So called “Anti-oral variation clauses” are used in commercial contracts to prevent any verbal changes being made after the contract has been agreed and signed by those involved.

They are commonly included in commercial contracts, often as boilerplate provisions which are often not given a huge amount of attention.

Essentially, the clause exists to limit the effectiveness of any subsequent amendments made either verbally, or by way of conduct.

Imposing these types of formalities may be attractive to parties who want to prevent themselves being bound by informal verbal exchanges or ad hoc oral agreements, without more senior or director level approval.

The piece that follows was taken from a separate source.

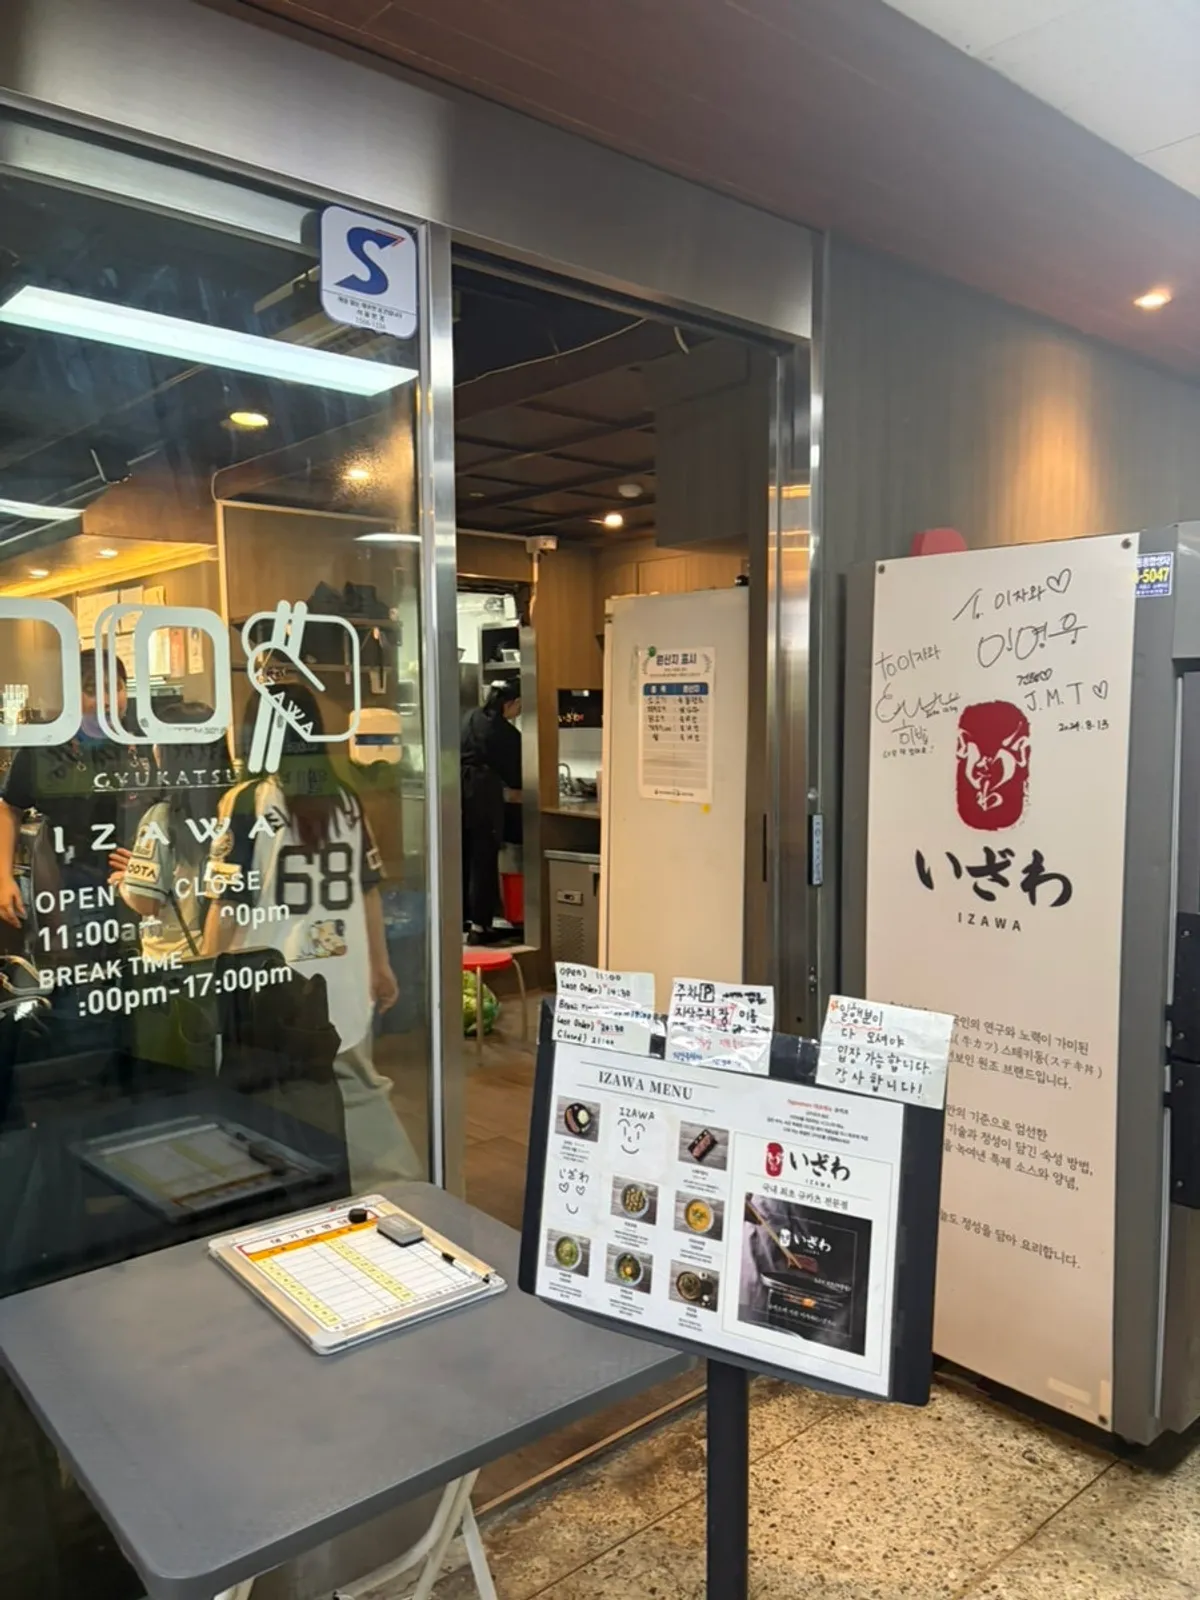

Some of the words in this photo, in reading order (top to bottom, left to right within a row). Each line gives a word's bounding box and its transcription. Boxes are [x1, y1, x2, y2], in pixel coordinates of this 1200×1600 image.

The widespread commercial use of these clauses and their enforceability has been unclear until recently.  The Court of Appeal has confirmed that anti-oral variation clauses do not work.  However, there are two useful practical benefits to including them which mean their role in a commercial contract should not be completely dismissed:

  • Including such a clause in a contract sends an encouraging message that any changes should be properly documented in writing as a matter of best practice.  It also helps to avoid any issues arising in proving the existence and precise terms of any verbal amendments.
  • An anti-oral variation clause in a contract increases the weight of evidence needed to support a claim that the contract has been verbally changed.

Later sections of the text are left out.